Invariant classification

Type	Example	Common enforcement
Domain invariant	One active assignment	Partial unique index, transaction lock
Referential invariant	Evidence belongs to existing case	Foreign key
Temporal invariant	Effective periods do not overlap	Exclusion constraint, trigger, serializable transaction
Security invariant	Tenant isolation	RLS, composite keys, app policy
Lifecycle invariant	Closed case cannot accept new task	Transaction guard
Analytical invariant	Metric has one definition	Semantic layer, metric contract
Integration invariant	Event published exactly after DB commit	Outbox pattern

Invariant enforcement ladder

Prefer the strongest practical enforcement layer.

Layer	Strength	Use when
Database constraint	Very high	Invariant is local to database rows/tables
Transactional guard	High	Needs read-modify-write logic
Serializable transaction	High but operationally complex	Predicate invariant cannot be expressed as simple constraint
Application validation	Medium	UX-level validation or cross-service policy
Async repair	Low as prevention, useful as safety net	Derived data, projection drift, external copies
Dashboard alert only	Detection only	Invariant is hard to prevent but must be detected

A decision framework must ask:

Can this invariant be made impossible to violate?
If not, can violation be detected fast?
If detected, can it be repaired safely?

7. Step 3 — Profile the Workload

Database decisions must be workload-first.

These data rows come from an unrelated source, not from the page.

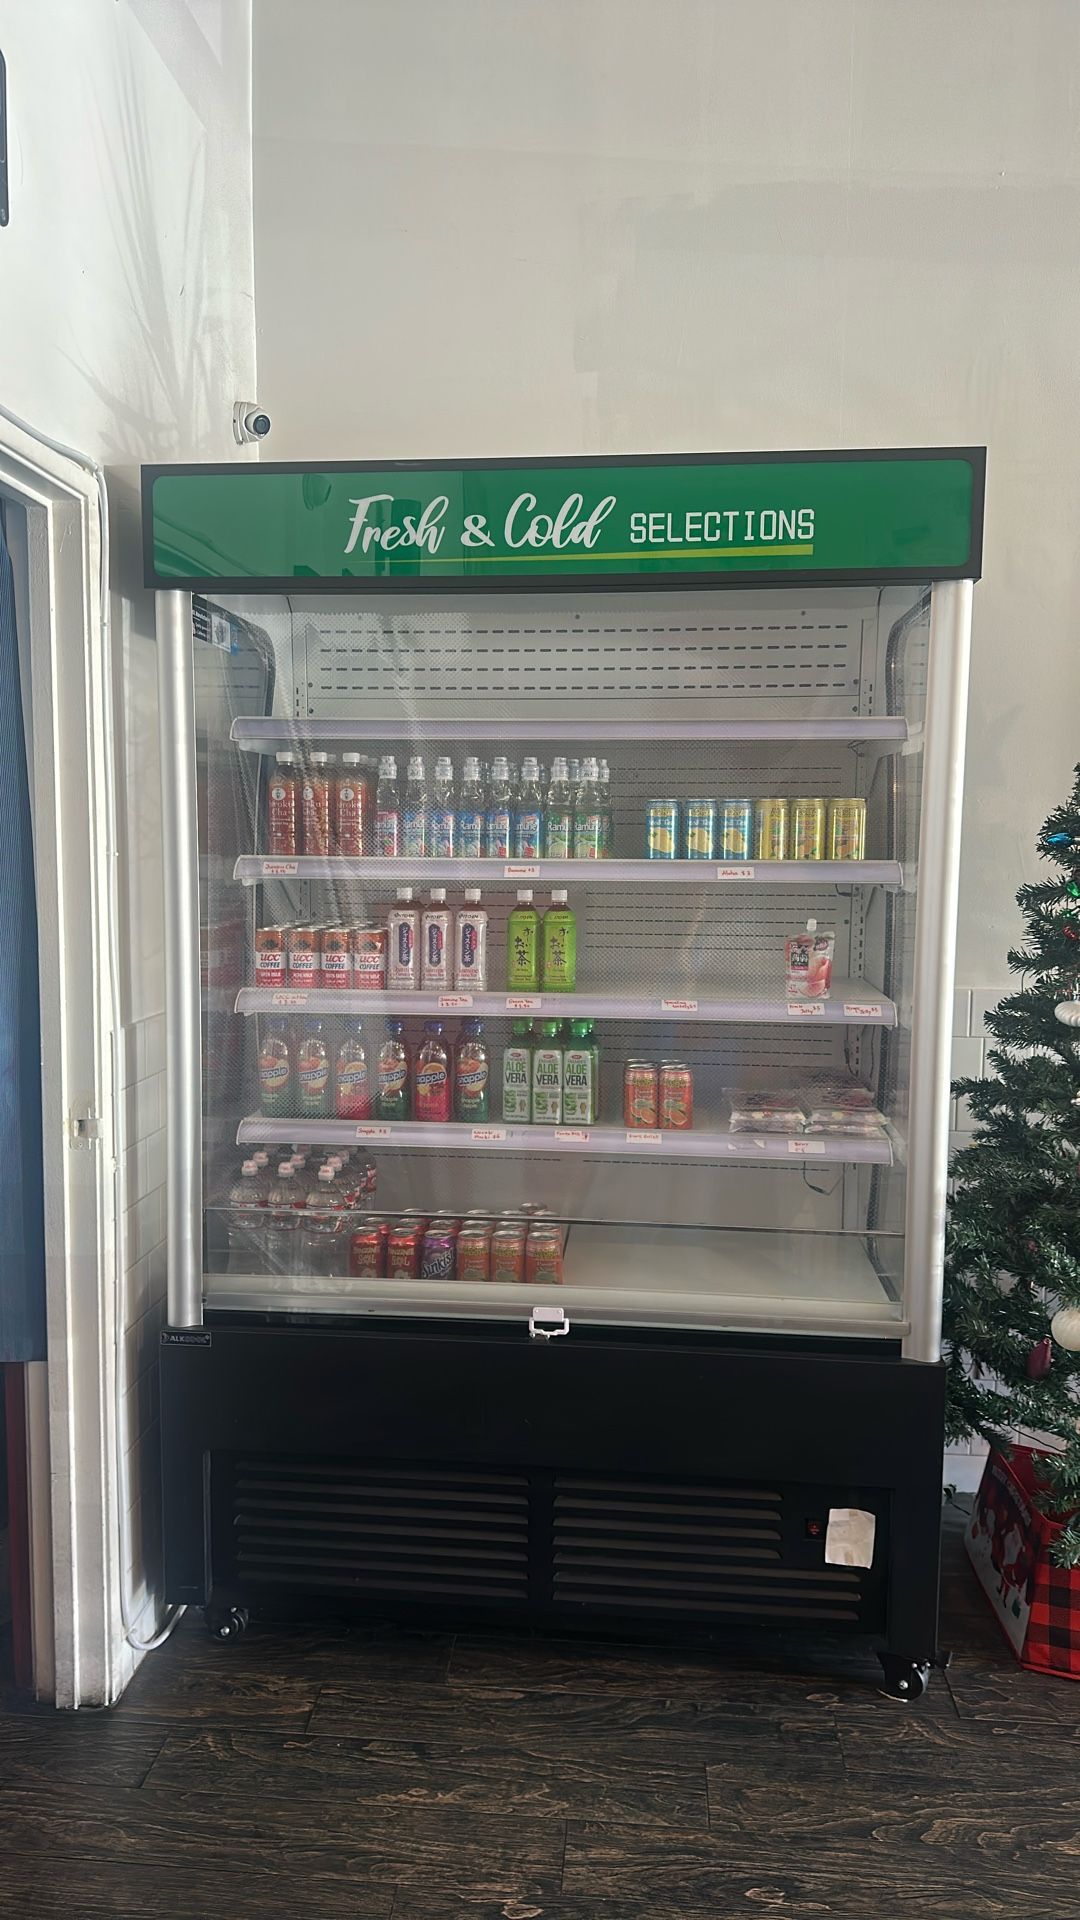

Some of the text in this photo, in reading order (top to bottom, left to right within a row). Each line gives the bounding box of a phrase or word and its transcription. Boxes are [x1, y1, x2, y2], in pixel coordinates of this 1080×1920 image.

[344, 493, 815, 553] Fresh & Cold SELECTIONS
[261, 953, 281, 962] UCC
[293, 953, 314, 962] UCC
[326, 954, 346, 962] UCC
[360, 955, 380, 963] UCC
[506, 1061, 526, 1072] ALOE
[537, 1063, 558, 1074] ALOE
[565, 1063, 587, 1074] ALOE
[505, 1072, 527, 1083] VERA
[536, 1074, 559, 1085] VERA
[565, 1075, 587, 1086] VERA
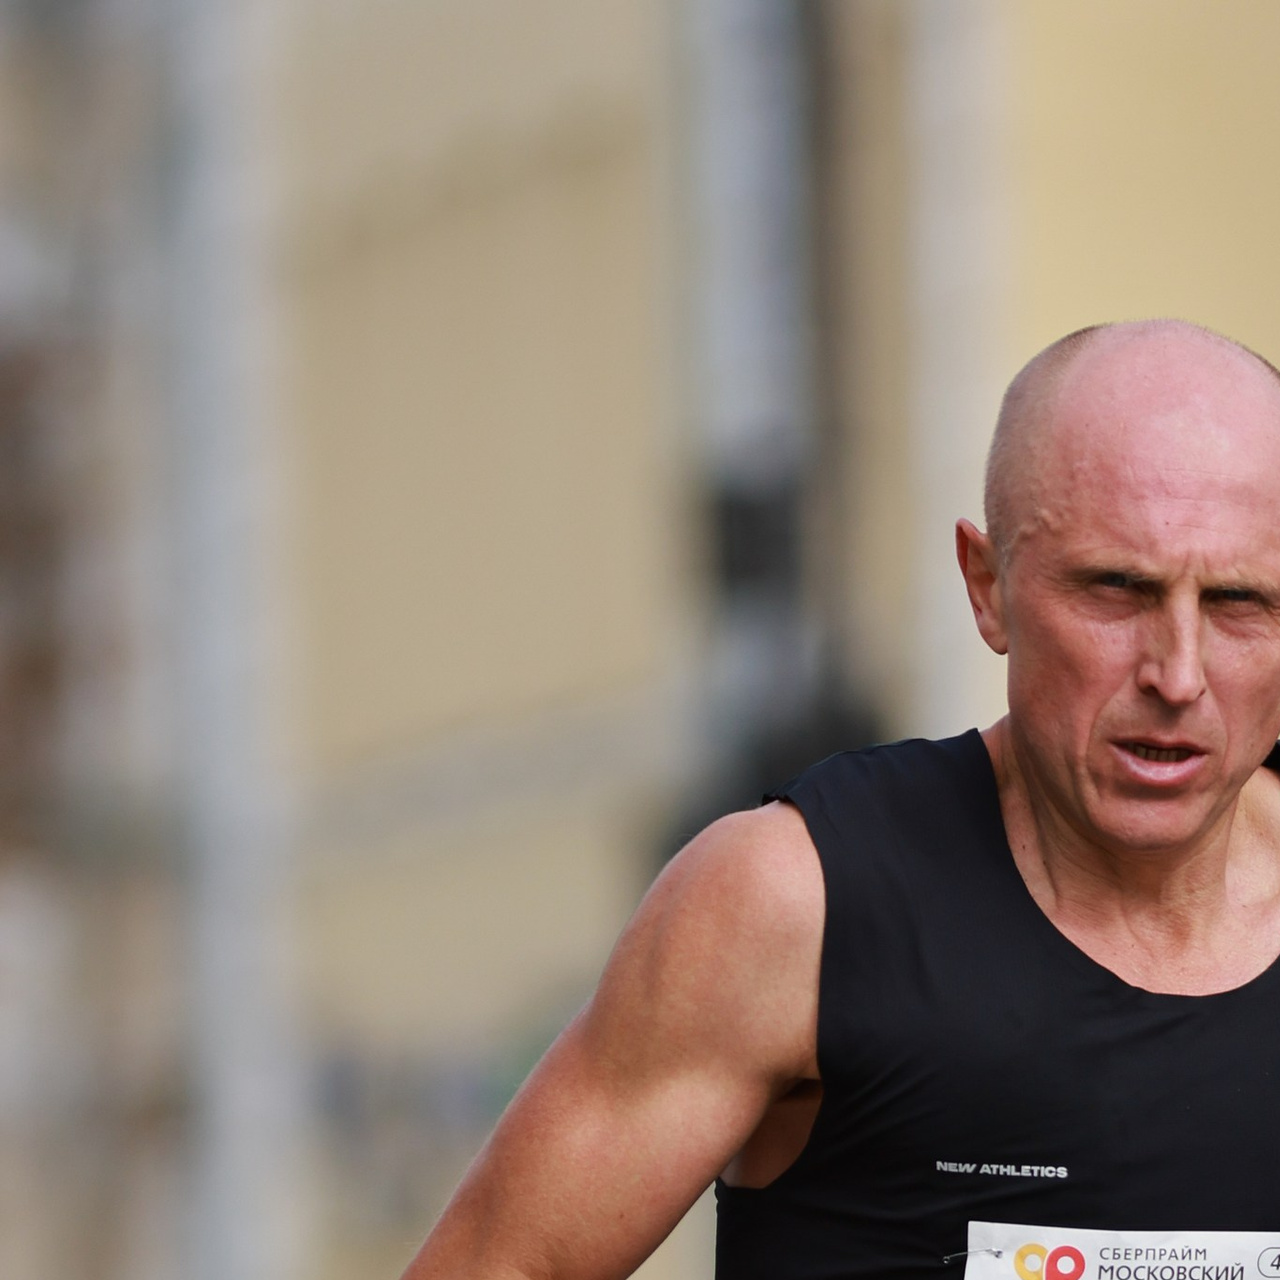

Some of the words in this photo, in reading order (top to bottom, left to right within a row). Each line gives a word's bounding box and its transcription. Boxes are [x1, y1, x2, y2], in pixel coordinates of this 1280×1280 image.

A workload profile is not “read-heavy” or “write-heavy”. That is too shallow.

Good workload profile:

## Workload Profile

Commands:
- Create case: 20 TPS peak, inserts 8 rows, writes audit + outbox.
- Assign investigator: 50 TPS peak, must enforce one active primary investigator.
- Submit decision: 5 TPS peak, writes decision, status transition, audit, outbox.

Queries:
- Case detail by id: p95 < 100ms, strongly consistent.
- Case queue by assignee/status/SLA: p95 < 250ms, current enough within same primary.
- Full-text search by party/evidence keyword: p95 < 1s, freshness <= 60s acceptable.
- Monthly compliance report: async, reproducible, not from OLTP primary.

Data growth:
- 30M cases/year, 200M tasks/year, 2B audit events/year.
- Large tenants can be 100x median tenant.

Concurrency risks:
- Assignment, status transition, and SLA escalation can conflict.
- Queue workers claim tasks concurrently.

Workload dimensions

Dimension	Why it matters
Read/write ratio	Affects index, projection, cache, replica design
Query shape	Determines whether B-Tree, search index, graph traversal, warehouse is appropriate
Write shape	Determines transaction boundary, contention, WAL pressure
Latency SLO	Determines serving path and topology
Freshness tolerance	Determines primary vs replica vs projection
Concurrency	Determines lock/transaction strategy
Growth	Determines partitioning/sharding/lifecycle
Skew	Determines tenant isolation/hotspot mitigation
Retention	Determines archive/purge/partitioning
Recovery objective	Determines backup/PITR/replication strategy

8. Step 4 — Define Consistency Contract

Consistency is not a single global checkbox.

Different operations need different guarantees.

Operation	Consistency required	Reason
Case status transition	Strong, transactional	Prevent illegal lifecycle
Assignment uniqueness	Strong, transactional	Prevent duplicate active owner
Search result listing	Eventually consistent	Projection; freshness SLO acceptable
Dashboard count	Eventually consistent with watermark	Analytical display
Regulatory decision record	Strong + auditable	Defensibility
Notification delivery	At-least-once with idempotency	External side effect
Report export	Snapshot consistent	Reproducibility

Consistency vocabulary

Term	Practical meaning
Strong consistency	Read observes committed truth needed for correctness
Read-your-writes	User sees own write after commit
Monotonic read	User does not move backward in observed state
Snapshot consistency	Query sees one stable snapshot
Eventual consistency	System converges after delay
Causal consistency	Dependent effects become visible in causal order
External consistency	Commit order respects real-time ordering

Decision rule

Use the weakest consistency that still preserves user trust and domain correctness.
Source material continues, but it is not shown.